Admin Workflow
Every KYC (Know Your Customer) application that flows through the system must pass a dual review before any data is submitted to regulators, exchanges, or depositories. This dual review is called the “maker-checker” process — a concept borrowed from banking operations where no single person can both initiate and approve a transaction. In our context, the “maker” is often the system itself (automatically verifying data against thresholds), and the “checker” is a human supervisor who gives the final sign-off. Think of it as the quality control station on the assembly line: the maker inspects each item against a checklist, and the checker does a final spot-check before the item ships. This page explains when applications sail through automatically, when they get flagged for human review, and what the checker is ultimately responsible for.
The workflow has three tiers: automated approval (the majority of cases), manual review by operations staff (the maker), and final sign-off by a supervisor (the checker). Let us walk through each.
Maker-Checker Flow
Section titled “Maker-Checker Flow”| Step | Role | Action | Outcome |
|---|---|---|---|
| 10 | Maker (System) | Auto-verify all checks against thresholds. If ALL pass → auto-approve. | Auto-approved (majority of cases) |
| 10 | Maker (Ops) | If any check is marginal (e.g., name partially matches), manually review flagged fields. | Approved / Escalated / Rejected |
| 11 | Checker (Supervisor) | Review maker’s decision. Final approval or rejection. Mandatory — no batch processing without it. | Checker Approved → batch pipelines fire |
| Esc | Compliance | AML (Anti-Money Laundering) HIGH risk, PEP (Politically Exposed Person) matches, sanctions hits escalated from maker. Enhanced CDD (Customer Due Diligence) required. | Approved with conditions / Rejected |
In plain English: Step 10 is where the system (or an operations team member) reviews the application. Step 11 is where a supervisor gives the final green light. Only after Step 11 does the batch pipeline start submitting data to KRAs, exchanges, and depositories.

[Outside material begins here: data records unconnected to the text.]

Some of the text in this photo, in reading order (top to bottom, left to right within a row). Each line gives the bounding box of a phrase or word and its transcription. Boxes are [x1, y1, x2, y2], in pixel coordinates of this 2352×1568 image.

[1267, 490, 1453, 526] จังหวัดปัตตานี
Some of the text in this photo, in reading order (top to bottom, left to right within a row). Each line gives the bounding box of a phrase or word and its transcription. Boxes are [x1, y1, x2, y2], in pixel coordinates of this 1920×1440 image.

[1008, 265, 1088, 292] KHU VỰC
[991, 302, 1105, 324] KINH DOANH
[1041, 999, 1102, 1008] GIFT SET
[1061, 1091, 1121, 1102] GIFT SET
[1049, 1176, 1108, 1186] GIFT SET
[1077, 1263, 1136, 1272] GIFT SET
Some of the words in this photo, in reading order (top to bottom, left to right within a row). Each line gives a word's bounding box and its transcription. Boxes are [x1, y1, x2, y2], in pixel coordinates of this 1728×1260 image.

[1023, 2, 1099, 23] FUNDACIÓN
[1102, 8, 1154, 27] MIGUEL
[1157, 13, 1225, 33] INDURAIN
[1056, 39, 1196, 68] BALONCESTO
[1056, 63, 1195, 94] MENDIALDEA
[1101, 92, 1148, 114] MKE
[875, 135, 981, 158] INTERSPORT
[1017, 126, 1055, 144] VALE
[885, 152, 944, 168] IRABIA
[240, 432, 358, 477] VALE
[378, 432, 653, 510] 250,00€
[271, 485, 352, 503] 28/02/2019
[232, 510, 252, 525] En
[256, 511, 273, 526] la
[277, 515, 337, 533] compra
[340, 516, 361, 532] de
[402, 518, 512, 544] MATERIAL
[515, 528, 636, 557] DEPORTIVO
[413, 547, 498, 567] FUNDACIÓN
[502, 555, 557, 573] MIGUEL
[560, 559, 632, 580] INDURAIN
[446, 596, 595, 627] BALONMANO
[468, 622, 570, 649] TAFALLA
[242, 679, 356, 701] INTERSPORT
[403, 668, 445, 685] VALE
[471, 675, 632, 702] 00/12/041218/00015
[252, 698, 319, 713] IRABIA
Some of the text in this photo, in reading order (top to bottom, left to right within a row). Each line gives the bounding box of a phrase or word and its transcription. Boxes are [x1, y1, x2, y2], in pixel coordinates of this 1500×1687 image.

The key to keeping the process efficient is the auto-approve criteria. The better your upstream data capture and verification, the higher the percentage of applications that pass through without human involvement.
Auto-Approve Criteria (Zero Human Touch)
Section titled “Auto-Approve Criteria (Zero Human Touch)”Application is auto-approved if ALL conditions are met:
| Check | Required Outcome |
|---|---|
| PAN (Permanent Account Number) status | Status = E (valid) |
| PAN-Aadhaar linked | Linked (= Y) |
| PAN name vs DigiLocker name | Name matches government records with high confidence |
| Penny drop name match | Bank account name verification passes |
| Face match score | Biometric face match passes |
| Liveness detection | Liveness check passes |
| AML risk | LOW risk |
| PEP match | No match |
| Sanctions match | No match |
In plain English: if the customer’s PAN is valid and linked to Aadhaar, their name matches across documents, their selfie matches their photo ID, they pass liveness detection, and they have no AML/PEP/sanctions flags, the system auto-approves without any human touching it.
When an application does not meet all the auto-approve thresholds, it gets flagged for manual review. The triggers below define exactly which checks can be marginal (and therefore resolvable by a human reviewer) versus which ones must be escalated to compliance.
Manual Review Triggers
Section titled “Manual Review Triggers”| Trigger | Condition | Action Required |
|---|---|---|
| Name mismatch | PAN vs DigiLocker name partially matches but does not pass high-confidence threshold | Verify names visually, check for initials/abbreviations |
| Penny drop marginal | Bank account name does not clearly match identity documents | Check bank name vs Aadhaar name |
| Face match marginal | Biometric face match requires manual review | Review selfie quality, request retake if needed |
| AML MEDIUM risk | Risk score above LOW threshold | Review hit details, confirm false positive or escalate |
| PEP declared | User self-declared PEP = Yes | Enhanced CDD: verify position, source of wealth |
| Income mismatch | Declared vs verified income diverge significantly | Review income proof documents |
In plain English: most manual reviews are caused by name discrepancies between documents. A partial name match between PAN and DigiLocker does not necessarily mean fraud — it often just means “Rajesh K” on one document and “Rajesh Kumar” on another.
Once the maker (whether automated or human) has made a decision, the checker performs the final review.
Checker Final Approval
Section titled “Checker Final Approval”| Checker Action | When | Result |
|---|---|---|
| Approve | Maker auto-approved or manually approved | Batch pipelines fire (KRA, CKYC, UCC, BO) |
| Reject | Fraud indicators, compliance red flags | Application rejected, client notified |
| Send Back | Missing information, unclear documentation | Returns to maker for re-review |
In plain English: the checker is the last human gate. Once they approve, the system immediately begins submitting the customer’s data to all the agencies described in the Batch Pipeline page. If they reject, the customer is notified and the application is closed. If they send it back, it returns to the maker queue for additional review.